Although the transit administration proposal is well intentioned, the fundamental problems with the Dulles Rail approval process result from the lack of accurate engineering cost estimates and faulty economic and financial forecasts — which are used to justify potential ridership levels and growth in rail service demand.

Areas to be served by Dulles Rail are significantly less densely populated than communities served by the present Metrorail system. This folly has resulted from the failure of those responsible at federal, state and local levels to demand current objective analyses of overall project feasibility. This problem has been compounded by the stubborn refusal of the agencies involved — particularly the transit administration, the Metropolitan Washington Airports Authority and Washington Metropolitan Area Transit Authority — to allow any transparency, public input or oversight for most of their actions and decisions during the six years since MWAA was appointed by Gov. Tim Kaine (D) to build the rail project.

The $10 billion-plus capital costs for the original 103-mile Metrorail system were mostly funded by federal grants. The massive debt structure proposed for Dulles Rail will be mostly on the backs of toll road users. Including required infrastructure costs in station areas in Tysons Corner and on the Dulles Corridor, more than $10 billion in mostly local taxpayer money will be needed in addition to more than $15 billion in tolls during the next 50 years to pay debt service on MWAA's high interest rate junk bonds.

In Loudoun County, supervisors have taken time and money to evaluate the potential fiscal impacts of Dulles Rail Phase 2. Loudoun County has posted detailed information about Dulles Rail on its website for public review. Loudoun supervisors have asked numerous questions of staff.
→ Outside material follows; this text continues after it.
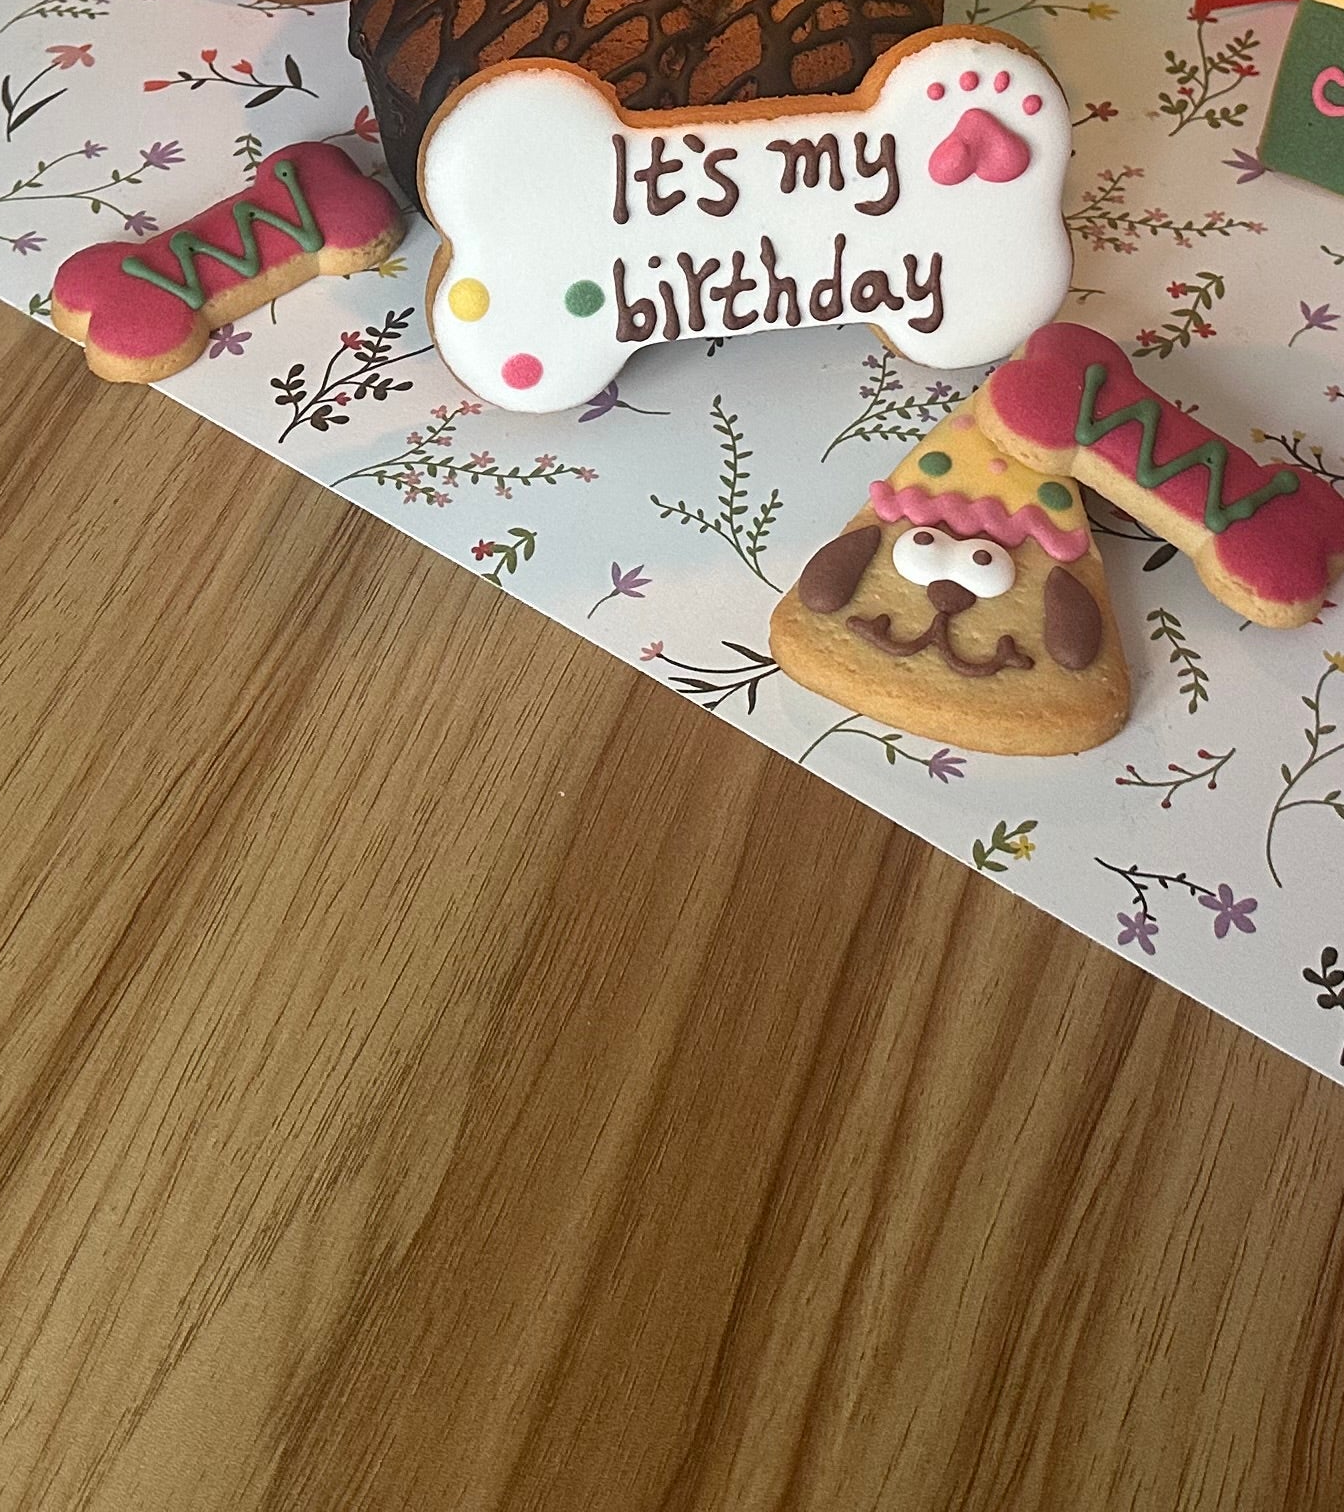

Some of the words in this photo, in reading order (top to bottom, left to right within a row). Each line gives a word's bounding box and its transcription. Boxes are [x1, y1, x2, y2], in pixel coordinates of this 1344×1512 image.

[611, 132, 740, 226] It's
[765, 131, 901, 217] my
[613, 232, 945, 343] birthday
By contrast, most Fairfax supervisors, to date, have buried their heads in the sand claiming they will minimize the burden to toll road users, and the Silver Line will be an economic bonanza. An OPM attitude pervades most county staff and supervisors. Wait until WMATA asks taxpayers to fund the $13.3 billion in replacement costs for the existing Metrorail system.

Several factors will combine to reduce projected rail ridership from figures used in the 2004 Final Dulles Rail Environmental Impact Statement.

The period of rapid domestic passenger growth at Dulles Airport between 1990 and 2005 has ended. Only moderate growth is anticipated during the next decade. Dulles recorded 23.2 million passengers in 2011, down from the peak of 27 million reached in 2005 at the height of Independence Air operations. Increased passenger boarding charges at Dulles (more than $26 per passenger up from $17 two years ago), service cutbacks at Dulles by JetBlue and Airtrans, and more long distance flights from Reagan National Airport recently authorized by Congress will compound this problem in the next several years.

Downzoning of residential areas in Loudoun County has reduced zoned population capacity there from more than 1 million people 10 years ago to fewer than 500,000 at build-out today.

Many more people work at least part time at home or on flex schedules today reducing potential daily transit demand. The greatest office market growth since 1980 has occurred outside the Capital Beltway, a trend expected to continue because of lower office rents and housing prices.

Demographic changes, the end of increasing female labor force participation rates and growing number of baby boomers entering retirement during coming years will result in lower growth in demand for office space than experienced during the past 25 years.

Loudoun County Transit provides a popular, rapidly growing express bus network. LCT had more than 1.2 million passenger trips in fiscal 2011 — up from fewer than 400,000 trips in fiscal 2004 and fewer than 200,000 trips in fiscal 2001. The express bus is — and will remain — cheaper, faster, more comfortable and offer far more flexible service than Dulles Rail.

Typical trips to the Pentagon and State Department are 45 minutes versus more than 1 hour project times via rail from the Route 606 Park-and-Ride lot north of Dulles Airport.

If Metrorail comes to Loudoun County, WMATA will take the currently $7.9 million in local gas tax funds from Leesburg, Purcellville, other towns and Loudoun Transit.